Posted in Anthropology, Articles, Health/Medicine/Genetics, Media Archive, Politics/Public Policy, Social Science on 2011-04-26 21:39Z by Steven

How race becomes biology: Embodiment of social inequality

American Journal of Physical Anthropology
Special Issue: Race Reconciled: How Biological Anthropologists View Human Variation
Volume 139, Issue 1 (May 2009)
pages 47–57
DOI: 10.1002/ajpa.20983

Clarence C. Gravlee, Associate Professor of Anthropology
University of Florida, Gainesville

The current debate over racial inequalities in health is arguably the most important venue for advancing both scientific and public understanding of race, racism, and human biological variation. In the United States and elsewhere, there are well-defined inequalities between racially defined groups for a range of biological outcomes—cardiovascular disease, diabetes, stroke, certain cancers, low birth weight, preterm delivery, and others.
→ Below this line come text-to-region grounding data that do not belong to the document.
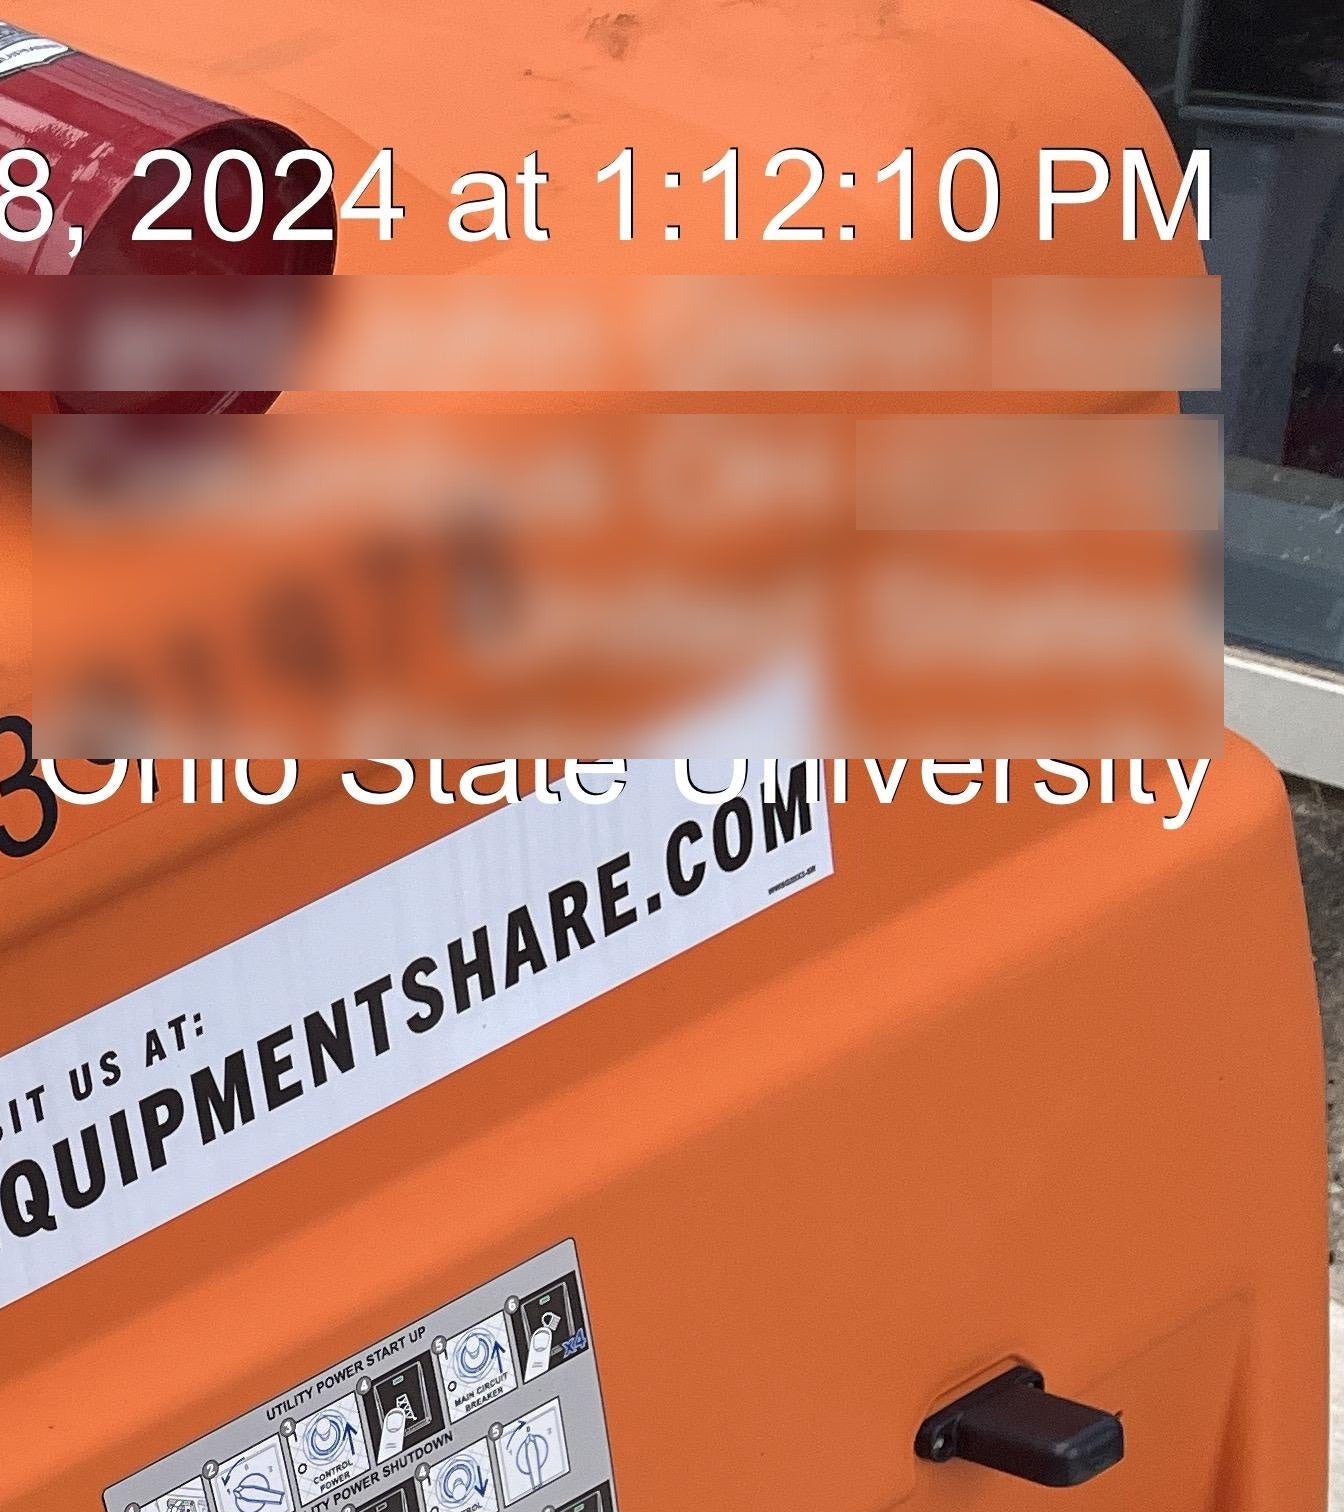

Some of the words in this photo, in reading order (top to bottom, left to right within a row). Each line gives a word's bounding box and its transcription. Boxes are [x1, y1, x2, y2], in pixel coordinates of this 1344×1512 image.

[68, 1050, 123, 1102] US
[145, 1011, 205, 1068] AT:
[506, 1296, 517, 1312] 6
[433, 1336, 443, 1352] 5
[560, 1326, 586, 1358] x4
[265, 1385, 314, 1423] UTILITY
[315, 1357, 364, 1395] POWER
[365, 1334, 407, 1368] START
[408, 1323, 427, 1345] UP
[358, 1377, 369, 1393] 4
[453, 1389, 475, 1408] MAIN
[475, 1370, 509, 1396] CIRCUIT
[464, 1384, 504, 1413] BREAKER
[283, 1419, 293, 1434] 3
[490, 1423, 500, 1439] 5
[204, 1462, 216, 1477] 2
[312, 1456, 354, 1486] CONTROL
[332, 1469, 381, 1506] POWER
[381, 1429, 453, 1479] SHUTDOWN
[416, 1463, 427, 1479] 4
[319, 1469, 351, 1494] POWER
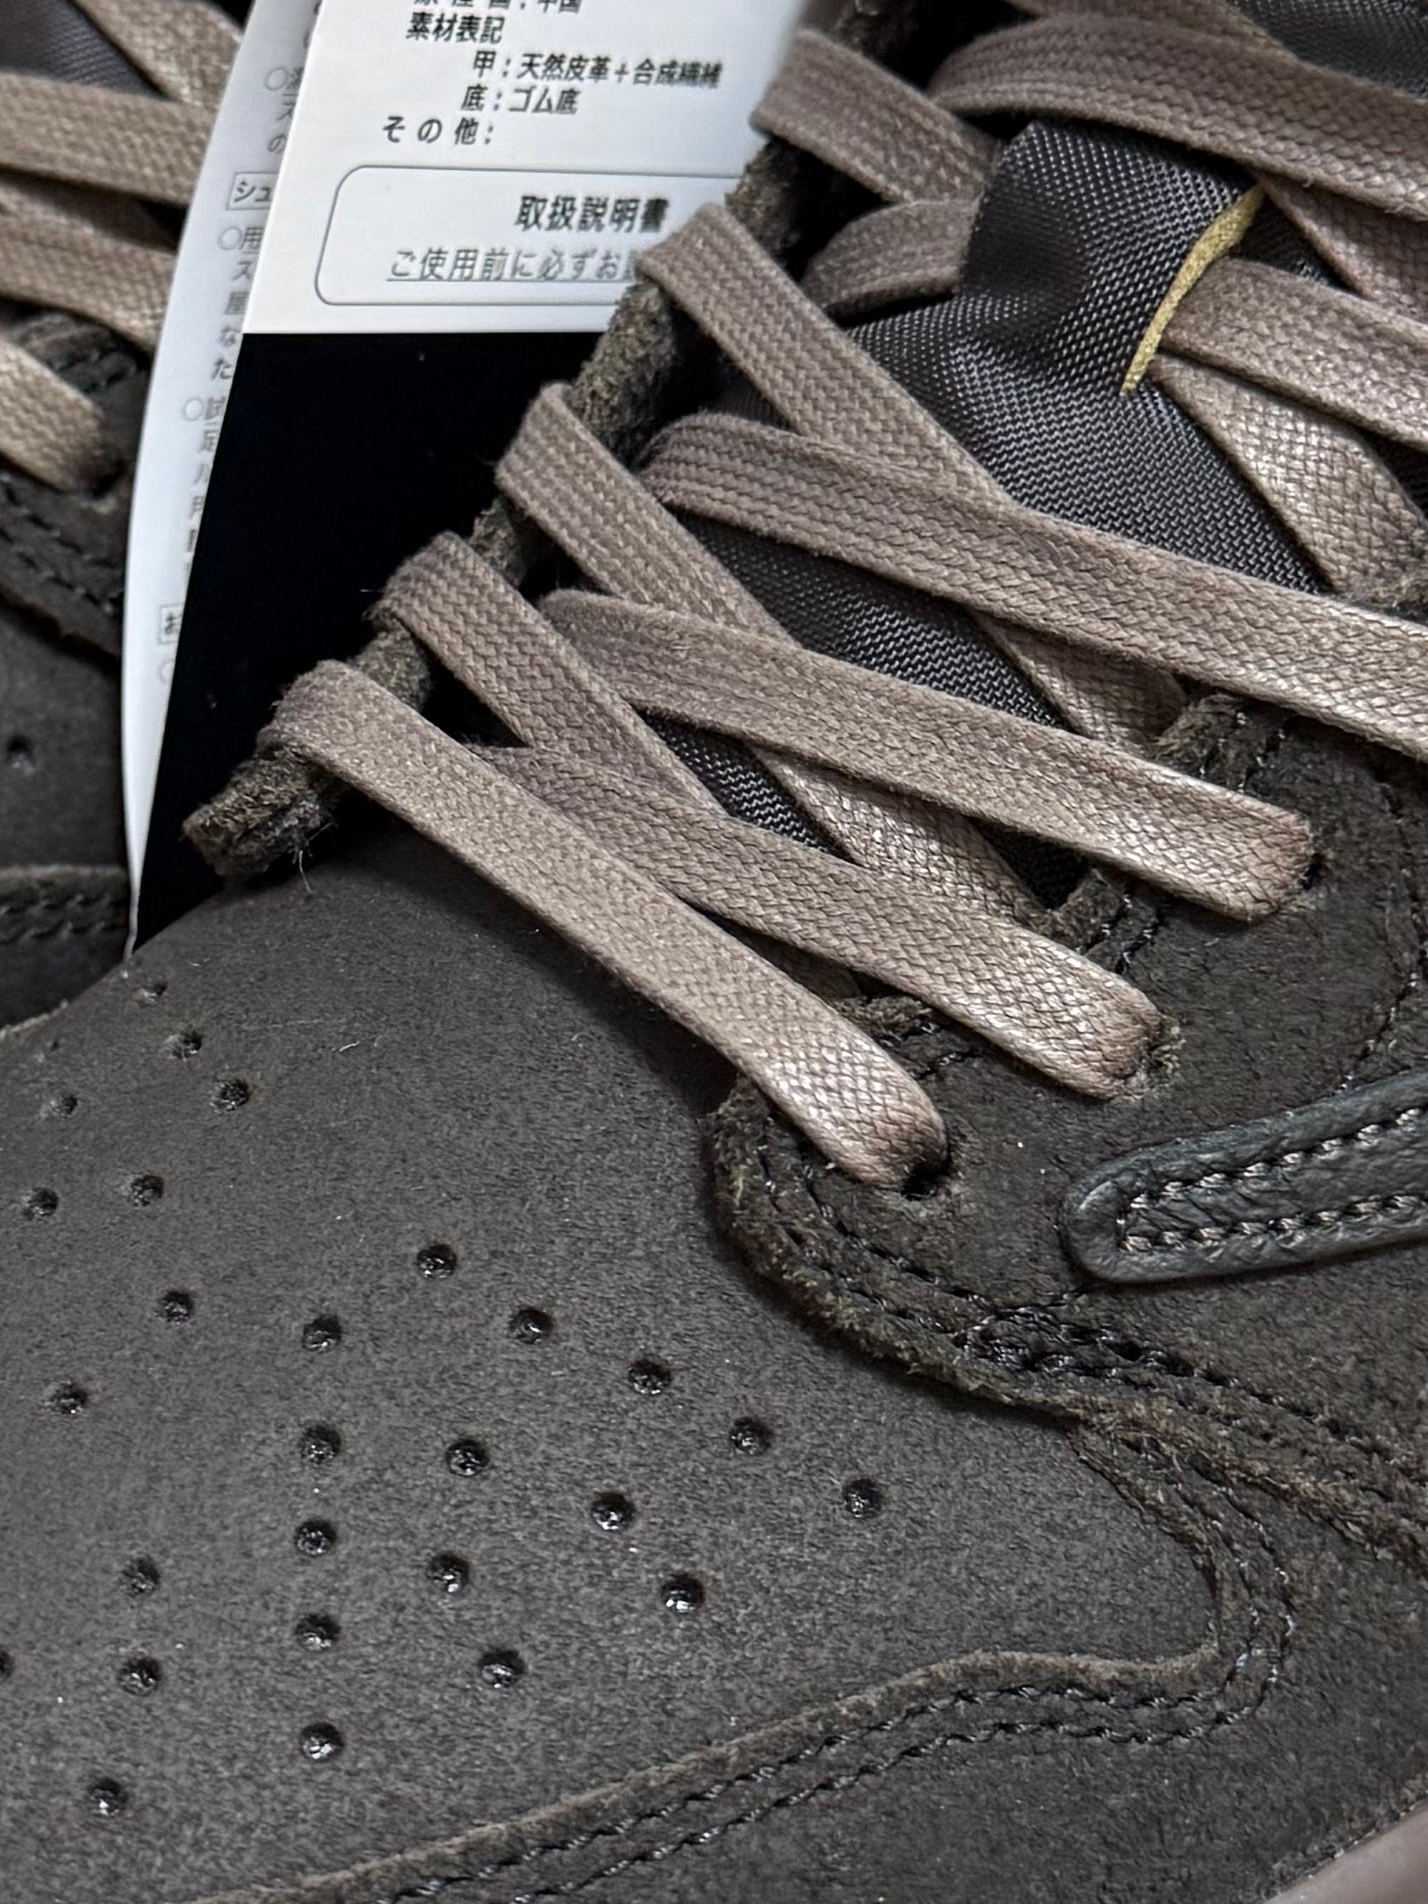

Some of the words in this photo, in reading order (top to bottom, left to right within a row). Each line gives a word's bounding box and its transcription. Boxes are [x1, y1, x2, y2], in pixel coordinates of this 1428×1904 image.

[405, 11, 506, 45] 素材表記
[514, 194, 670, 233] 取扱説明書
Among biomedical researchers, these patterns are often taken as evidence of fundamental genetic differences between alleged races. However, a growing body of evidence establishes the primacy of social inequalities in the origin and persistence of racial health disparities. Here, I summarize this evidence and argue that the debate over racial inequalities in health presents an opportunity to refine the critique of race in three ways: 1) to reiterate why the race concept is inconsistent with patterns of global human genetic diversity; 2) to refocus attention on the complex, environmental influences on human biology at multiple levels of analysis and across the lifecourse; and 3) to revise the claim that race is a cultural construct and expand research on the sociocultural reality of race and racism. Drawing on recent developments in neighboring disciplines, I present a model for explaining how racial inequality becomes embodied—literally—in the biological well-being of racialized groups and individuals. This model requires a shift in the way we articulate the critique of race as bad biology.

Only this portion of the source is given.